BNP Paribas Group is the top bank in the European Union and a major international banking establishment. It has close to 185,000 employees in 65 countries. In Spain we are more than 5,100 employees within 13 business lines.

Spain IT Production

Spain IT Production organization consists of CIB ITO & ITG IT Platforms and is responsible for providing IT Production services to our Clients in EMEA, ensuring a Digital Market evolution, in a secured and performant environment, and with a reliable quality. IT Production organisation includes Infrastructure services, Telecom & Workspace, Production Security and Application Production domains and associated transversal services (CTO Office, Control Tower, PMO and IT Continuity). In Spain, IT Production relies on a Platform with over 400 experts that provide full-stack support services ensuring a secure, stable, standardized, and efficient production.

ABOUT THE JOB

MISSION

THE ROLE: WEB SECURITY POLICY AND AUTOMATION

As part of the Global Web Security team, you will work on two key initiatives:

Policy Sanitation and Optimization

Our WAF and Proxy environments have evolved over time, leading to accumulated rules that require rationalization. Your role will involve:

• Reviewing and analyzing existing security policies (filtering, authentication, SSL inspection) to identify redundancies, conflicts, or outdated configurations.
• Proposing and testing optimizations to improve security posture and operational efficiency.
• Documenting changes and ensuring alignment with BNP Paribas security standards and OWASP guidelines.

RESPONSIBILITIES

This work directly supports our 2026 roadmap to reduce complexity, minimize false positives, and enhance performance across our web security infrastructure.

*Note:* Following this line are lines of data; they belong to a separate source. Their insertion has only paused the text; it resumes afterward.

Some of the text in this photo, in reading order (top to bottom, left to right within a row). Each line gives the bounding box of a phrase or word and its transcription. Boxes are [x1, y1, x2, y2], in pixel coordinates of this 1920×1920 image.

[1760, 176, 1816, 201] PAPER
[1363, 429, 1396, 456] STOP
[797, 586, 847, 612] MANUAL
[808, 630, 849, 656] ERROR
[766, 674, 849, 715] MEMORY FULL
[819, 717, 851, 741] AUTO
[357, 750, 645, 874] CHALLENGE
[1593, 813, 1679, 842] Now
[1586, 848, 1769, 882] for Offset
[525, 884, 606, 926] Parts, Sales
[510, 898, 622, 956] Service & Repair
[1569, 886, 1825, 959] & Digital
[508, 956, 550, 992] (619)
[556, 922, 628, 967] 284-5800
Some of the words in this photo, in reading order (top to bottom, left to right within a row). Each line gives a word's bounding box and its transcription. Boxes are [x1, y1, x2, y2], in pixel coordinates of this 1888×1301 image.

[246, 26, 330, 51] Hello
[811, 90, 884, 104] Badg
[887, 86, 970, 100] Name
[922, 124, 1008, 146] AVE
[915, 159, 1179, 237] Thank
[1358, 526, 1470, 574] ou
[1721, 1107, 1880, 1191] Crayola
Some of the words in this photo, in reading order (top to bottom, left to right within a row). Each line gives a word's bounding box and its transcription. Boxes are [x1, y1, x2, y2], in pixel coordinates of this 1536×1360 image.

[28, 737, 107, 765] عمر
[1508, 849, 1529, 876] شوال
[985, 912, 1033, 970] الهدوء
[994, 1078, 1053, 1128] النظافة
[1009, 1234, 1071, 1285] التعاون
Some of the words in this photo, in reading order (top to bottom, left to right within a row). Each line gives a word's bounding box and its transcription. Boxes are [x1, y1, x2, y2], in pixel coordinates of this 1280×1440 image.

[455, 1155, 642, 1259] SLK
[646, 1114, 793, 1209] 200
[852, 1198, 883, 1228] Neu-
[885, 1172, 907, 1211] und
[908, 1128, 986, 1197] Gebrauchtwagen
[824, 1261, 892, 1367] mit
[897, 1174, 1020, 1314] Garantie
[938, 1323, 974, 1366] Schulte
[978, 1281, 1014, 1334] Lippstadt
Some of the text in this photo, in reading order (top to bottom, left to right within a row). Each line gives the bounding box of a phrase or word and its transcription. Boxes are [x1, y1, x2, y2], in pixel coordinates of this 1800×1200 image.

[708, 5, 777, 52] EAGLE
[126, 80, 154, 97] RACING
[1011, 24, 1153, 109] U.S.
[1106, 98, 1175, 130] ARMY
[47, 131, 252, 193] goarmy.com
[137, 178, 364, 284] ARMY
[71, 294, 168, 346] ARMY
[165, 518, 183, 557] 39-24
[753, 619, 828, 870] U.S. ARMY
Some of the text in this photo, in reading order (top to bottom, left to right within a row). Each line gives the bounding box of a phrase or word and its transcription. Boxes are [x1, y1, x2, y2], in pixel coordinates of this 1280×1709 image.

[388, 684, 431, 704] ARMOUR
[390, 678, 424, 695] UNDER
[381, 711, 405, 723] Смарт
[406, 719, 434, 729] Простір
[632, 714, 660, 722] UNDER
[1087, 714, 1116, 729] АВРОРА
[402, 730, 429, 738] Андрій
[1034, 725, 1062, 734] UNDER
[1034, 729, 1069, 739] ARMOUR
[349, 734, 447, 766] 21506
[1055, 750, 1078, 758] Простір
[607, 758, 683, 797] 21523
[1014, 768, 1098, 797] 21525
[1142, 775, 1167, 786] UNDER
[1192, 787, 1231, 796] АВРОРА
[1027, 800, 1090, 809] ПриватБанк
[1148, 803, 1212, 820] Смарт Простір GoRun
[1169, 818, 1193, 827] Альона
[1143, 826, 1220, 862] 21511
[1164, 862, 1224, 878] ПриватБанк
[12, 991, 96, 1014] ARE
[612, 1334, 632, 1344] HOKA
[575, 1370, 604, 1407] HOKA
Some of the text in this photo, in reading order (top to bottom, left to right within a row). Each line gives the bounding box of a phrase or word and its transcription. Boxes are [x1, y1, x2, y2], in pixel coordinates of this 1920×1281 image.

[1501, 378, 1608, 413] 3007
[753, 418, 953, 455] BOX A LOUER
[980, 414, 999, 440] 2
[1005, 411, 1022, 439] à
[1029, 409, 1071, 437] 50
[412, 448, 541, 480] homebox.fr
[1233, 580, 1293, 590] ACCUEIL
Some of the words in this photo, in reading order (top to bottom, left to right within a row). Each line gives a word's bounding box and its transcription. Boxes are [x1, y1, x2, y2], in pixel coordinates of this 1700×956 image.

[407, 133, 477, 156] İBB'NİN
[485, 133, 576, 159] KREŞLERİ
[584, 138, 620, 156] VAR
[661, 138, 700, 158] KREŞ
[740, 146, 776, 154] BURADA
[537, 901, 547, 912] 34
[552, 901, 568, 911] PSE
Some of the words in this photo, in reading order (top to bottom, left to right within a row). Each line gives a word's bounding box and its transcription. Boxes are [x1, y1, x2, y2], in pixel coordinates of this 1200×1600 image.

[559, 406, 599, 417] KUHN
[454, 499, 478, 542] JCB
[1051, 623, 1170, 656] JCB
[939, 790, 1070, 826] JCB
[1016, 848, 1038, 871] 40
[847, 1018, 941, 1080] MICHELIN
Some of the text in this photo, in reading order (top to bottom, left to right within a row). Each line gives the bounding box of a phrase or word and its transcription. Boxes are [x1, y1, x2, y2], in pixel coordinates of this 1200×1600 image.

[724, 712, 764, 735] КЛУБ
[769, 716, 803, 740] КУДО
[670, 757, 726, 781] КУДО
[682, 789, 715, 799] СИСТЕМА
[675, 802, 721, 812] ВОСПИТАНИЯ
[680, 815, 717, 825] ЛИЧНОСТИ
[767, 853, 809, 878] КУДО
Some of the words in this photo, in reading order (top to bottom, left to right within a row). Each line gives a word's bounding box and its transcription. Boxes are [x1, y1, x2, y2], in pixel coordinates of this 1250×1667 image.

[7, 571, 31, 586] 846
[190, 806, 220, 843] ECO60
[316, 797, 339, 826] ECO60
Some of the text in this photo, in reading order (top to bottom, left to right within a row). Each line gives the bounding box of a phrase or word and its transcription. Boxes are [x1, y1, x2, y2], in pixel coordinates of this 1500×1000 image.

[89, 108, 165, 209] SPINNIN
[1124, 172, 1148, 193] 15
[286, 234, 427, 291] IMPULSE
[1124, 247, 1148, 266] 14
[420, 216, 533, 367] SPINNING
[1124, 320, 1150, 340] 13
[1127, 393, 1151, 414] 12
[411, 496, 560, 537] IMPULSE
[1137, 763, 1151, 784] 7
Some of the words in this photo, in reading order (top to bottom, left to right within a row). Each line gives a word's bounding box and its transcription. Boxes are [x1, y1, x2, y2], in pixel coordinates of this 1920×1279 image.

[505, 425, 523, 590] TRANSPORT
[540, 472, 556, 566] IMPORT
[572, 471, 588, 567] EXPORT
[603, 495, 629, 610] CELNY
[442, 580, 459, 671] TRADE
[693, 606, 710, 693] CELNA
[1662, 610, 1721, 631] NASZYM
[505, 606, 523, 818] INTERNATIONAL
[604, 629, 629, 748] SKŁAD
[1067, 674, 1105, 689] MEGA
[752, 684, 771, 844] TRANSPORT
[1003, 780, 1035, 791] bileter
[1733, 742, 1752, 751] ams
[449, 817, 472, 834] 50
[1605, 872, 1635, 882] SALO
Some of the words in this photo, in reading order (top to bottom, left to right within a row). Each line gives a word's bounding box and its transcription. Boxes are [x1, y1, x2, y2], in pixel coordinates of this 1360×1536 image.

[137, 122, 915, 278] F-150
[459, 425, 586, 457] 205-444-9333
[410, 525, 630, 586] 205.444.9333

Signature and Rule Automation

Manual updates to threat signatures and security rules are time-consuming and prone to delays. You will assist in:

• Developing scripts (Python/Bash) to automate the deployment of signature updates from vendors as well as optimize current workflows from our TOM.
• Testing and validating automated processes to ensure accuracy and reliability.
• Monitoring the impact of updates on false positive/negative rates and system performance.

By contributing to this initiative, you will help reduce manual workloads and improve response times to emerging threats.

Operational Support (Level 2)

In addition to project work, you will gain exposure to daily production security operations, including:

• Managing access requests and basic incident resolution in ServiceNow.
• Assisting in log analysis to troubleshoot issues (e.g., blocked legitimate traffic, misconfigured rules).
• Escalating complex cases to Level 3 support with clear documentation.

This experience will provide foundational knowledge of enterprise web security operations while supporting your work on the policy and automation roadmaps.

REQUIREMENTS

• Engineering school diploma or equivalent (required).
• Cybersecurity / Information Technology / Telecommunications degree or master’s (a plus).
• Demonstrated interest in cybersecurity, particularly in web application defense (blue-team mindset).

Experience

No prior experience required.

Languages

·         Fluent English (mandatory).

·         French (a plus).

·         Spanish (a plus).

SKILLS

• Technical

o    Preferred knowledge of:

§  WAF operations (F5 ASM) and Proxy operations (SkyHigh).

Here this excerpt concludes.